### GOAL OF THE EXERCISE
Write each entry again exactly as shown, but without the images it holds.

### EXERCISE DATA
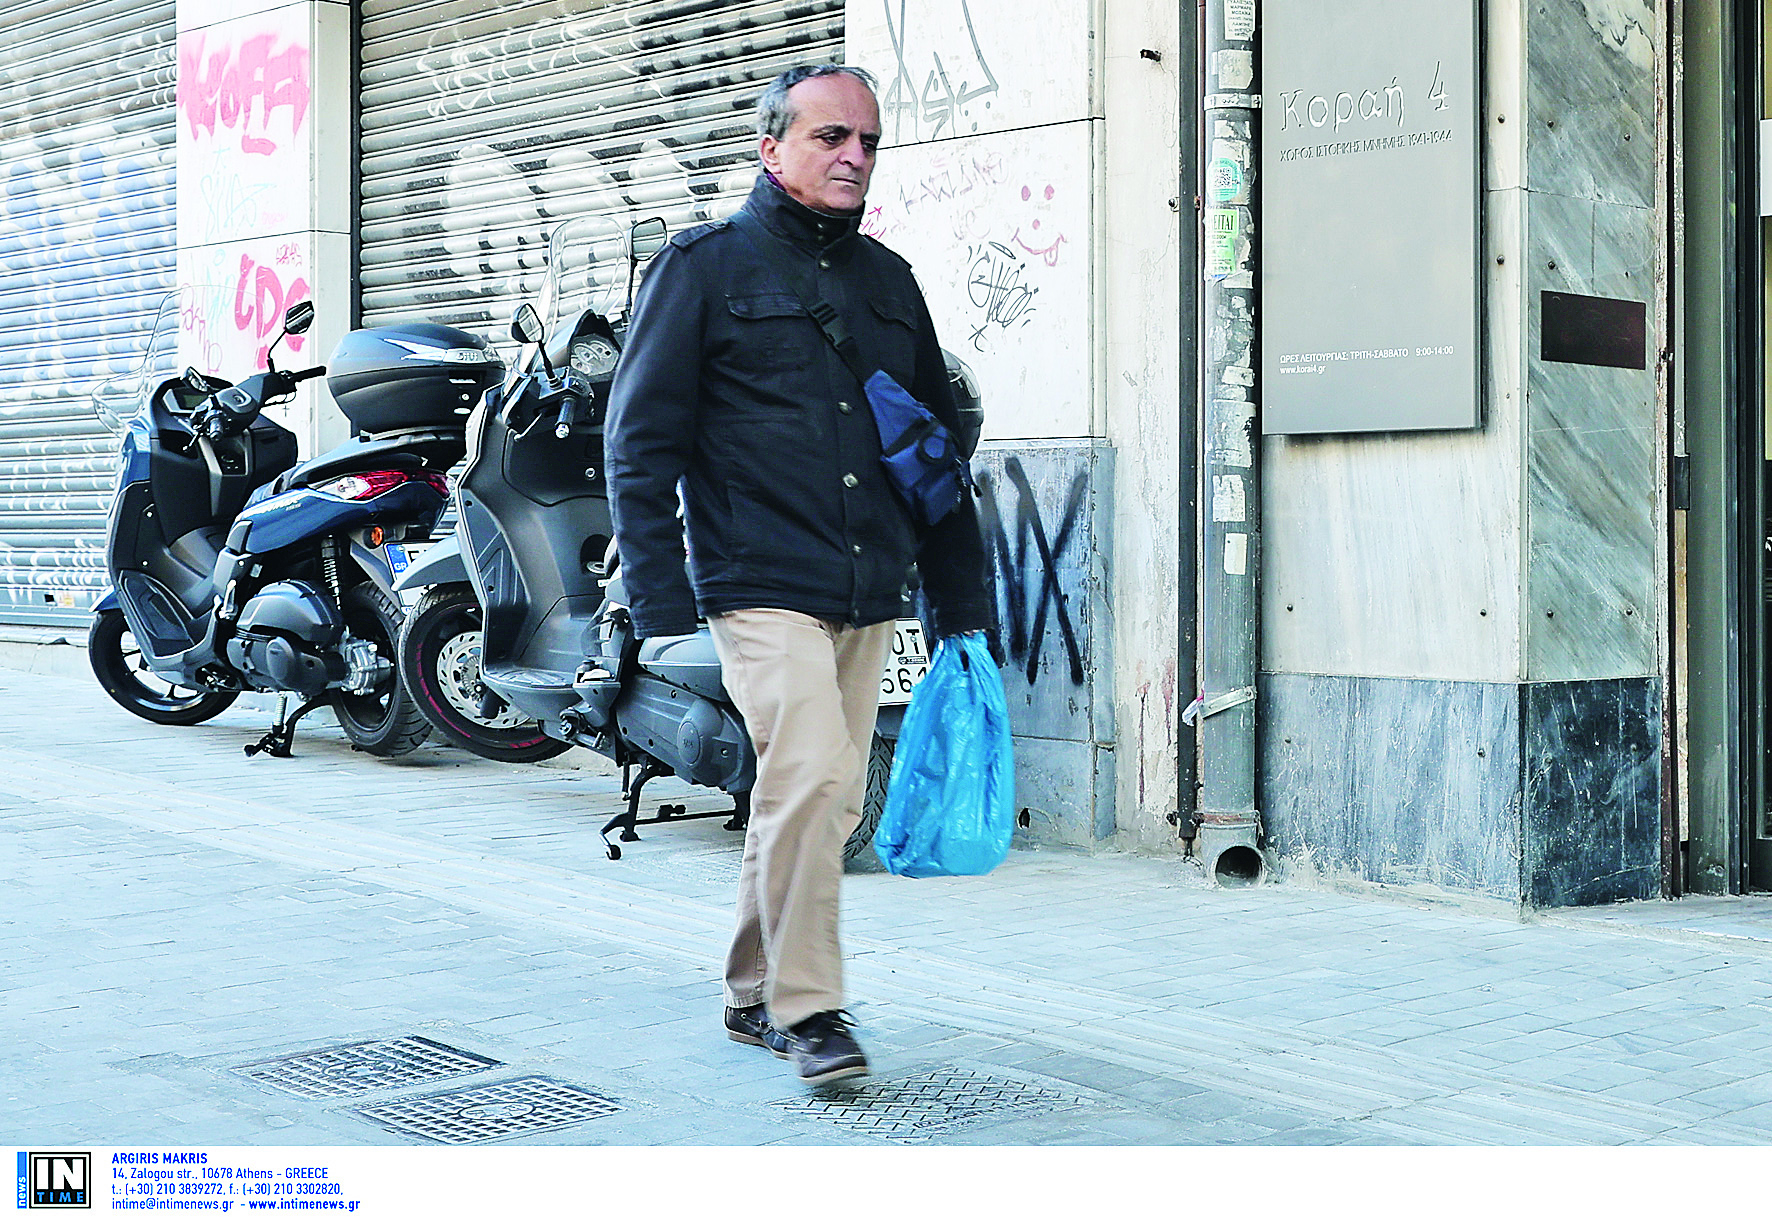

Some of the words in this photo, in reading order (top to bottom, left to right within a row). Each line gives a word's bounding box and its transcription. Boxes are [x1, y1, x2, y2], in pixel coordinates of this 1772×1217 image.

[1280, 76, 1405, 134] Κοραή
[1427, 60, 1450, 111] 4
[1280, 146, 1314, 162] ΧΩΡΟΣ
[1280, 354, 1300, 364] ΩΡΕΣ
[1280, 364, 1326, 375] www.korai4.gr
[892, 628, 920, 655] OT

### OUTPUT OF THE TASK
Some of the words in this photo, in reading order (top to bottom, left to right within a row). Each line gives a word's bounding box and its transcription. Boxes are [x1, y1, x2, y2], in pixel coordinates of this 1772×1217 image.

[1280, 76, 1405, 134] Κοραή
[1427, 60, 1450, 111] 4
[1280, 146, 1314, 162] ΧΩΡΟΣ
[1280, 354, 1300, 364] ΩΡΕΣ
[1280, 364, 1326, 375] www.korai4.gr
[892, 628, 920, 655] OT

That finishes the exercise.